Climate-smart agriculture (CSA) (or climate resilient agriculture) is an integrated approach to managing landscapes to help adapt agricultural methods, livestock and crops to the effects of climate change and, where possible, counteract it by reducing greenhouse gas emissions from agriculture, at the same time taking into account the growing world population to ensure food security. Thus, the emphasis is not simply on carbon farming or sustainable agriculture, but also on increasing agricultural productivity. "CSA ... is in line with FAO’s vision for Sustainable Food and Agriculture and supports FAO’s goal to make agriculture, forestry and fisheries more productive and more sustainable".

CSA has three pillars: increasing agricultural productivity and incomes; adapting and building resilience to climate change; and reducing or removing greenhouse gas emissions from agriculture. CSA lists different actions to counter the future challenges for crops and plants. With respect to rising temperatures and heat stress, e.g. CSA recommends the production of heat tolerant crop varieties, mulching, water management, shade house, boundary trees and appropriate housing and spacing for cattle. There are attempts to mainstream CSA into core government policies, expenditures and planning frameworks.
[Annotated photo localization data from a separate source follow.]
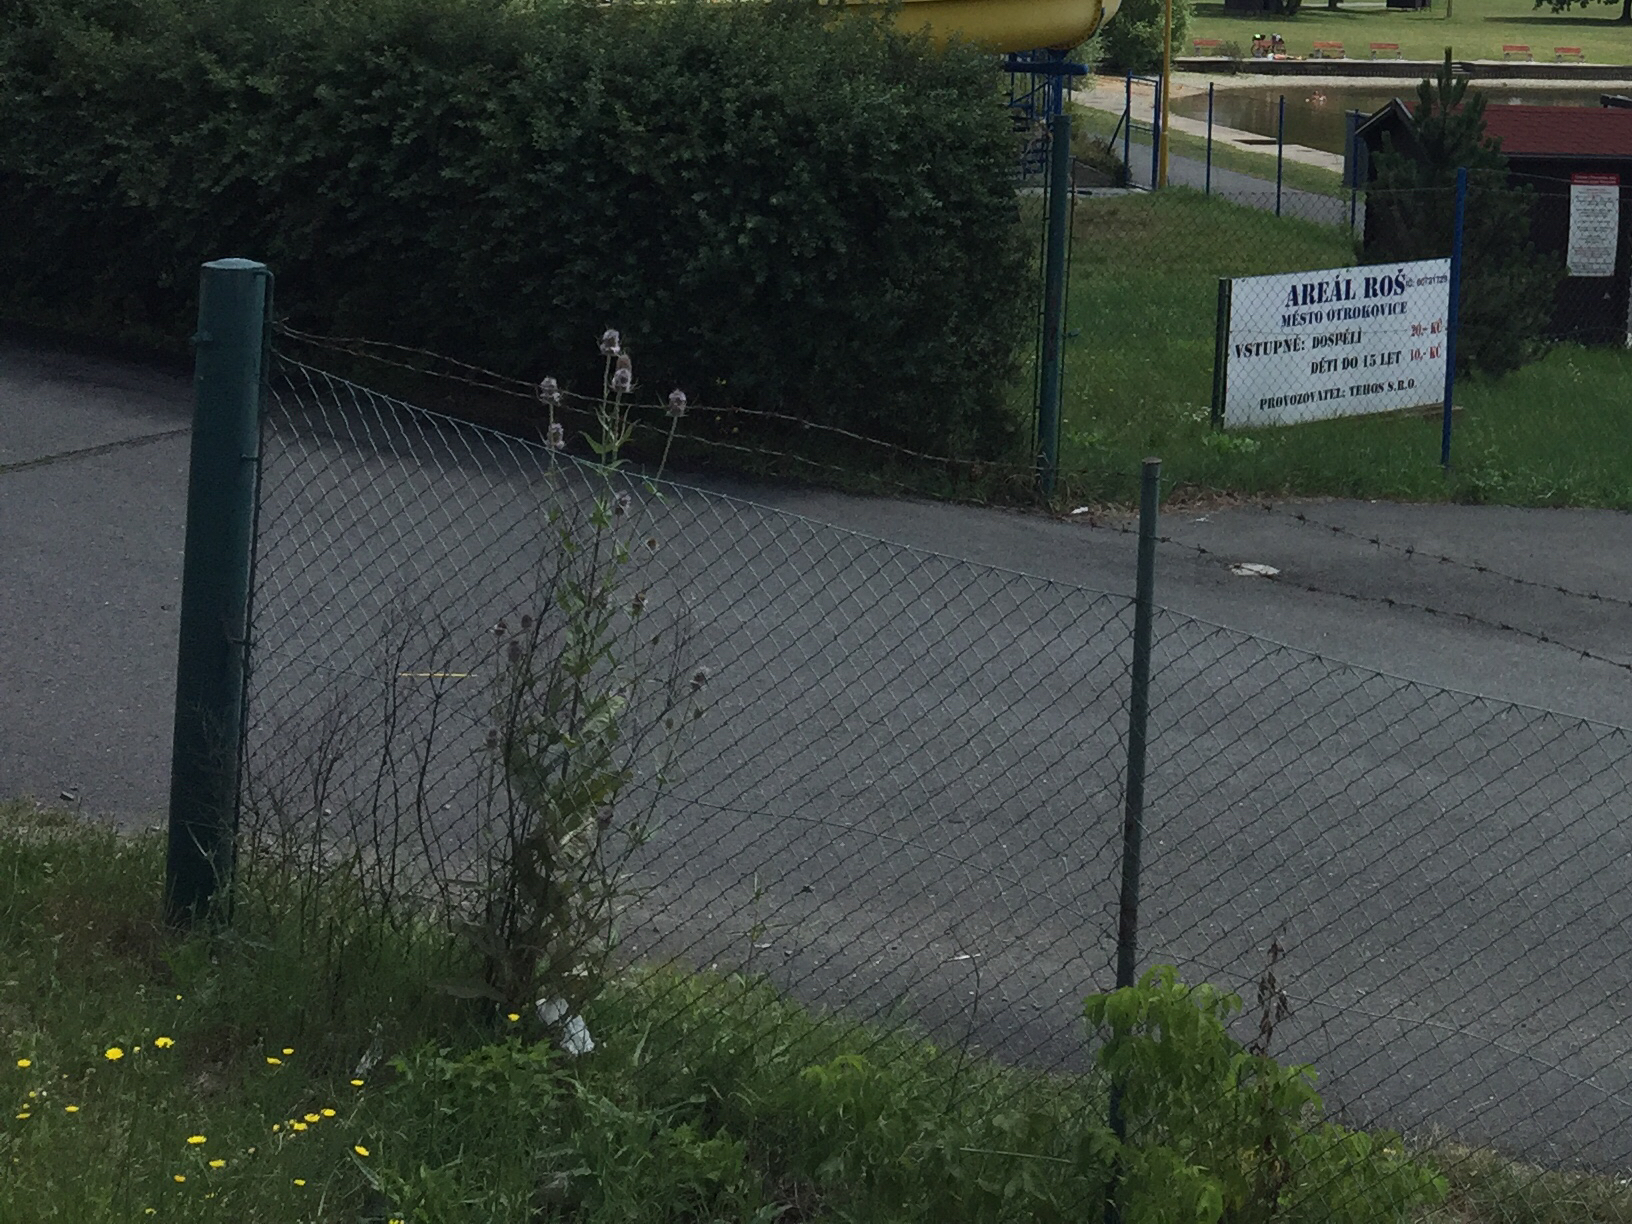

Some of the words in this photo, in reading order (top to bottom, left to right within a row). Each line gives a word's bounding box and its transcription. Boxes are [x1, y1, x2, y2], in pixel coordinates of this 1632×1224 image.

[1284, 274, 1357, 308] AREÁL
[1363, 268, 1407, 299] ROŠ
[1326, 301, 1409, 323] OTROKOVICE
[1234, 335, 1306, 359] VSTUPNÉ:
[1342, 355, 1359, 370] DO
[1363, 356, 1376, 368] 15
[1380, 350, 1403, 366] LET
[1259, 387, 1346, 412] PROVOZOVATEL:
[1349, 381, 1385, 398] TEHOS
[1387, 378, 1418, 394] S.R.O.
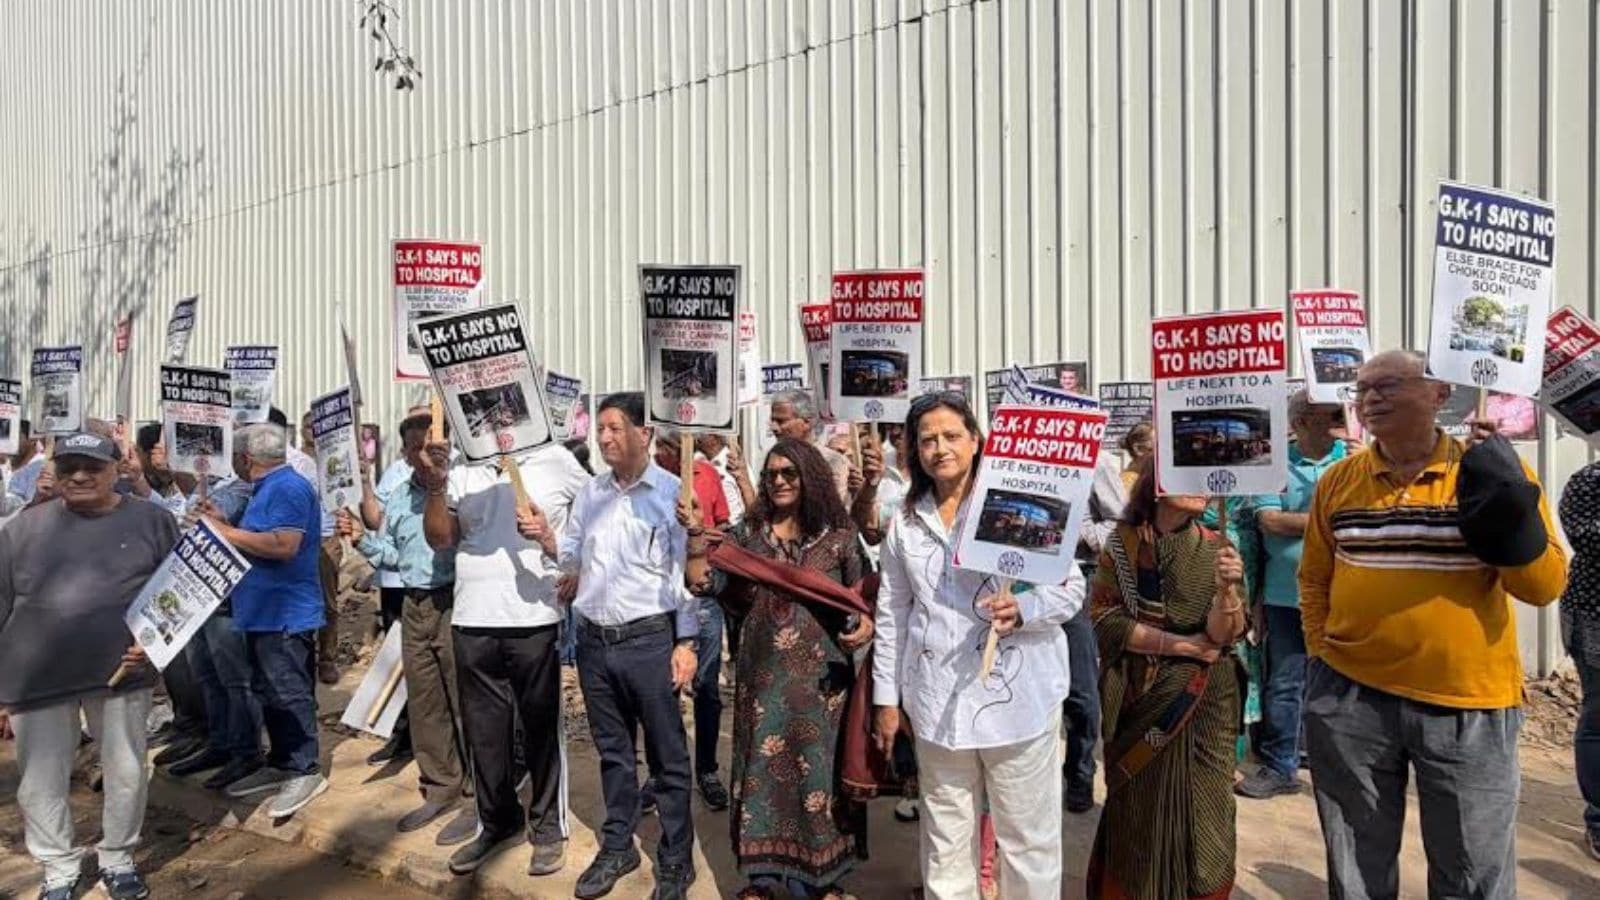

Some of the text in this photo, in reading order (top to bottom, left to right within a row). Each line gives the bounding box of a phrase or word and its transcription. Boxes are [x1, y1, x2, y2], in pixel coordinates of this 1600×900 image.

In order for CSA policies to be effective, they must be able to contribute to broader economic growth, the sustainable development goals and poverty reduction. They must also be integrated with disaster risk management strategies, actions, and social safety net programmes.

Methods and assessment 
The Food and Agriculture Organization has identified several tools for countries and individuals to assess, monitor and evaluate integral parts of CSA planning and implementation by the FAO. Some of these tools include:

 Modelling System for Agricultural Impacts of Climate Change (MOSAICC): This modelling system helps countries conduct inter-disciplinary climate change impact assessment on agriculture through simulations.
 Global Livestock Environmental Assessment Model (GLEAM): This simulates the interaction of activities and processes involved in livestock production (milk and meat production) and the environment. The model is designed to evaluate several environmental impact categories, such as greenhouse gas emissions, nutrient and water use, land use and land degradation and biodiversity interactions.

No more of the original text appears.